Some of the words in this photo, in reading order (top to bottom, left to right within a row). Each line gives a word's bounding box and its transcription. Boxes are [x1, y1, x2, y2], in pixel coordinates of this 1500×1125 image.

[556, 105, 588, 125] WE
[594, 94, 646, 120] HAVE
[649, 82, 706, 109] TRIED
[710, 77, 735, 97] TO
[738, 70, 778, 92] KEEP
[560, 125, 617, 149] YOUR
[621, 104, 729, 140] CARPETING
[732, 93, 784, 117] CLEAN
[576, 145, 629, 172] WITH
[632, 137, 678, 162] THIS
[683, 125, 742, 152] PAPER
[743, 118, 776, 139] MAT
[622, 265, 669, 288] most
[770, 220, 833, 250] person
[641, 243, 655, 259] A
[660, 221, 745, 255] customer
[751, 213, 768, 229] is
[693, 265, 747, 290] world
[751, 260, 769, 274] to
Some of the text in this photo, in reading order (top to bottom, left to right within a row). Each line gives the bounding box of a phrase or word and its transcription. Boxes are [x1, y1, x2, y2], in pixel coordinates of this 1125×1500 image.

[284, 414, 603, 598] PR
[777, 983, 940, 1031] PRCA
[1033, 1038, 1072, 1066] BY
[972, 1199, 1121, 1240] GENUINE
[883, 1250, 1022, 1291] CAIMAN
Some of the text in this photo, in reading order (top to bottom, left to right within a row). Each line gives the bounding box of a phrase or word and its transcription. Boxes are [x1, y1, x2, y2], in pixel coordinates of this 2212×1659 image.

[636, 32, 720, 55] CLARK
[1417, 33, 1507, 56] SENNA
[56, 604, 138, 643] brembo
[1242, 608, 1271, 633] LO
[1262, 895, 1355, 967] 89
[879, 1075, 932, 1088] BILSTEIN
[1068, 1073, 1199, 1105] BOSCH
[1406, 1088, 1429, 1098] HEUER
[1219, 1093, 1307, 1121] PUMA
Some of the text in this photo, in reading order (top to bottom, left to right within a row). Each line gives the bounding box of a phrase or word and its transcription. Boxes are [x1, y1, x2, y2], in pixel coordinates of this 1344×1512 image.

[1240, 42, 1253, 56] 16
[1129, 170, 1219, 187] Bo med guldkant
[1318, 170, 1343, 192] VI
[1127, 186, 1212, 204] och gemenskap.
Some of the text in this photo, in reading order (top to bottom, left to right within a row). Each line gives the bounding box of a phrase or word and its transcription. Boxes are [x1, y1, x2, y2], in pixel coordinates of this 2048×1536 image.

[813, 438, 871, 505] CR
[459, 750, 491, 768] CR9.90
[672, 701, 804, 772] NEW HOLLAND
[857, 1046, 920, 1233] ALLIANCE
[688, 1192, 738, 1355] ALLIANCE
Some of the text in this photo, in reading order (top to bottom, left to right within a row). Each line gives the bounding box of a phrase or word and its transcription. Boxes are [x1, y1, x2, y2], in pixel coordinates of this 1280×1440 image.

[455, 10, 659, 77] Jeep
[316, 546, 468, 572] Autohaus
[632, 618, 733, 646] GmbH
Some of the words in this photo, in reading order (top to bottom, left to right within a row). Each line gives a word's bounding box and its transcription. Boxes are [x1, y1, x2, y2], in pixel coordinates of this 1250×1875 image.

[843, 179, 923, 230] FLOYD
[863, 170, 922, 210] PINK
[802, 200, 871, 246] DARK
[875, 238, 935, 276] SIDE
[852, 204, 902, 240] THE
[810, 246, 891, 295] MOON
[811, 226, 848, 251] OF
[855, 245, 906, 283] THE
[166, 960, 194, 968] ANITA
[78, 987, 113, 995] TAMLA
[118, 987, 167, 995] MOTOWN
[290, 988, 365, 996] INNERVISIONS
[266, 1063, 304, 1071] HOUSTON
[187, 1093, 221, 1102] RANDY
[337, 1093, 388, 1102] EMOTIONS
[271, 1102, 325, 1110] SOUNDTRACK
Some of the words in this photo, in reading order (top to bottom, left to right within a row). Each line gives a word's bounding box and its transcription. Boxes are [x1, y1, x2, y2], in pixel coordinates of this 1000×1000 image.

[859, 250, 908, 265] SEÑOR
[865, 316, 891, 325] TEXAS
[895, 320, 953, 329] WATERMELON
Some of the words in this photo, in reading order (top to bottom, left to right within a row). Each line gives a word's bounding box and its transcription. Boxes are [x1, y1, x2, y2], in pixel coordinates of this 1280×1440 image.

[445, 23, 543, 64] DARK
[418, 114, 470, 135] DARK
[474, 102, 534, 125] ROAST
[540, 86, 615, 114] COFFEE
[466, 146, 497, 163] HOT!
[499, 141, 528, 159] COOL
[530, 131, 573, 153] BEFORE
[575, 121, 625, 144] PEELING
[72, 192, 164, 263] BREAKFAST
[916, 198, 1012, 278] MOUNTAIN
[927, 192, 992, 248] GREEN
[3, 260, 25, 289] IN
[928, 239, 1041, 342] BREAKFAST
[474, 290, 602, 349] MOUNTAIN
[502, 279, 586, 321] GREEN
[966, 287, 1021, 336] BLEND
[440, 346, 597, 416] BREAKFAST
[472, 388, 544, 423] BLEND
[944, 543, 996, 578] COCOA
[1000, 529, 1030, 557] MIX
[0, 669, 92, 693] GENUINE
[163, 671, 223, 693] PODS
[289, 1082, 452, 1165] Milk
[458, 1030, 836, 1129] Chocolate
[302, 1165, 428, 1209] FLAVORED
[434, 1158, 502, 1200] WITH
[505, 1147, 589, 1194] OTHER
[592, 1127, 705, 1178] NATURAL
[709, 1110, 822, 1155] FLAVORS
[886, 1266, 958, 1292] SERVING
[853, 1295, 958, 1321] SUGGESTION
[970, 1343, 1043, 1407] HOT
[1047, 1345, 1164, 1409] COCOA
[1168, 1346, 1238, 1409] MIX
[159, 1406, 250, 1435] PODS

Your task> The full set of records above is to be printed exactly as it appears.

Result>
Some of the words in this photo, in reading order (top to bottom, left to right within a row). Each line gives a word's bounding box and its transcription. Boxes are [x1, y1, x2, y2], in pixel coordinates of this 1500×1125 image.

[556, 105, 588, 125] WE
[594, 94, 646, 120] HAVE
[649, 82, 706, 109] TRIED
[710, 77, 735, 97] TO
[738, 70, 778, 92] KEEP
[560, 125, 617, 149] YOUR
[621, 104, 729, 140] CARPETING
[732, 93, 784, 117] CLEAN
[576, 145, 629, 172] WITH
[632, 137, 678, 162] THIS
[683, 125, 742, 152] PAPER
[743, 118, 776, 139] MAT
[622, 265, 669, 288] most
[770, 220, 833, 250] person
[641, 243, 655, 259] A
[660, 221, 745, 255] customer
[751, 213, 768, 229] is
[693, 265, 747, 290] world
[751, 260, 769, 274] to
Some of the text in this photo, in reading order (top to bottom, left to right within a row). Each line gives the bounding box of a phrase or word and its transcription. Boxes are [x1, y1, x2, y2], in pixel coordinates of this 1125×1500 image.

[284, 414, 603, 598] PR
[777, 983, 940, 1031] PRCA
[1033, 1038, 1072, 1066] BY
[972, 1199, 1121, 1240] GENUINE
[883, 1250, 1022, 1291] CAIMAN
Some of the text in this photo, in reading order (top to bottom, left to right within a row). Each line gives the bounding box of a phrase or word and its transcription. Boxes are [x1, y1, x2, y2], in pixel coordinates of this 2212×1659 image.

[636, 32, 720, 55] CLARK
[1417, 33, 1507, 56] SENNA
[56, 604, 138, 643] brembo
[1242, 608, 1271, 633] LO
[1262, 895, 1355, 967] 89
[879, 1075, 932, 1088] BILSTEIN
[1068, 1073, 1199, 1105] BOSCH
[1406, 1088, 1429, 1098] HEUER
[1219, 1093, 1307, 1121] PUMA
Some of the text in this photo, in reading order (top to bottom, left to right within a row). Each line gives the bounding box of a phrase or word and its transcription. Boxes are [x1, y1, x2, y2], in pixel coordinates of this 1344×1512 image.

[1240, 42, 1253, 56] 16
[1129, 170, 1219, 187] Bo med guldkant
[1318, 170, 1343, 192] VI
[1127, 186, 1212, 204] och gemenskap.
Some of the text in this photo, in reading order (top to bottom, left to right within a row). Each line gives the bounding box of a phrase or word and its transcription. Boxes are [x1, y1, x2, y2], in pixel coordinates of this 2048×1536 image.

[813, 438, 871, 505] CR
[459, 750, 491, 768] CR9.90
[672, 701, 804, 772] NEW HOLLAND
[857, 1046, 920, 1233] ALLIANCE
[688, 1192, 738, 1355] ALLIANCE
Some of the text in this photo, in reading order (top to bottom, left to right within a row). Each line gives the bounding box of a phrase or word and its transcription. Boxes are [x1, y1, x2, y2], in pixel coordinates of this 1280×1440 image.

[455, 10, 659, 77] Jeep
[316, 546, 468, 572] Autohaus
[632, 618, 733, 646] GmbH
Some of the words in this photo, in reading order (top to bottom, left to right within a row). Each line gives a word's bounding box and its transcription. Boxes are [x1, y1, x2, y2], in pixel coordinates of this 1250×1875 image.

[843, 179, 923, 230] FLOYD
[863, 170, 922, 210] PINK
[802, 200, 871, 246] DARK
[875, 238, 935, 276] SIDE
[852, 204, 902, 240] THE
[810, 246, 891, 295] MOON
[811, 226, 848, 251] OF
[855, 245, 906, 283] THE
[166, 960, 194, 968] ANITA
[78, 987, 113, 995] TAMLA
[118, 987, 167, 995] MOTOWN
[290, 988, 365, 996] INNERVISIONS
[266, 1063, 304, 1071] HOUSTON
[187, 1093, 221, 1102] RANDY
[337, 1093, 388, 1102] EMOTIONS
[271, 1102, 325, 1110] SOUNDTRACK
Some of the words in this photo, in reading order (top to bottom, left to right within a row). Each line gives a word's bounding box and its transcription. Boxes are [x1, y1, x2, y2], in pixel coordinates of this 1000×1000 image.

[859, 250, 908, 265] SEÑOR
[865, 316, 891, 325] TEXAS
[895, 320, 953, 329] WATERMELON
Some of the words in this photo, in reading order (top to bottom, left to right within a row). Each line gives a word's bounding box and its transcription. Boxes are [x1, y1, x2, y2], in pixel coordinates of this 1280×1440 image.

[445, 23, 543, 64] DARK
[418, 114, 470, 135] DARK
[474, 102, 534, 125] ROAST
[540, 86, 615, 114] COFFEE
[466, 146, 497, 163] HOT!
[499, 141, 528, 159] COOL
[530, 131, 573, 153] BEFORE
[575, 121, 625, 144] PEELING
[72, 192, 164, 263] BREAKFAST
[916, 198, 1012, 278] MOUNTAIN
[927, 192, 992, 248] GREEN
[3, 260, 25, 289] IN
[928, 239, 1041, 342] BREAKFAST
[474, 290, 602, 349] MOUNTAIN
[502, 279, 586, 321] GREEN
[966, 287, 1021, 336] BLEND
[440, 346, 597, 416] BREAKFAST
[472, 388, 544, 423] BLEND
[944, 543, 996, 578] COCOA
[1000, 529, 1030, 557] MIX
[0, 669, 92, 693] GENUINE
[163, 671, 223, 693] PODS
[289, 1082, 452, 1165] Milk
[458, 1030, 836, 1129] Chocolate
[302, 1165, 428, 1209] FLAVORED
[434, 1158, 502, 1200] WITH
[505, 1147, 589, 1194] OTHER
[592, 1127, 705, 1178] NATURAL
[709, 1110, 822, 1155] FLAVORS
[886, 1266, 958, 1292] SERVING
[853, 1295, 958, 1321] SUGGESTION
[970, 1343, 1043, 1407] HOT
[1047, 1345, 1164, 1409] COCOA
[1168, 1346, 1238, 1409] MIX
[159, 1406, 250, 1435] PODS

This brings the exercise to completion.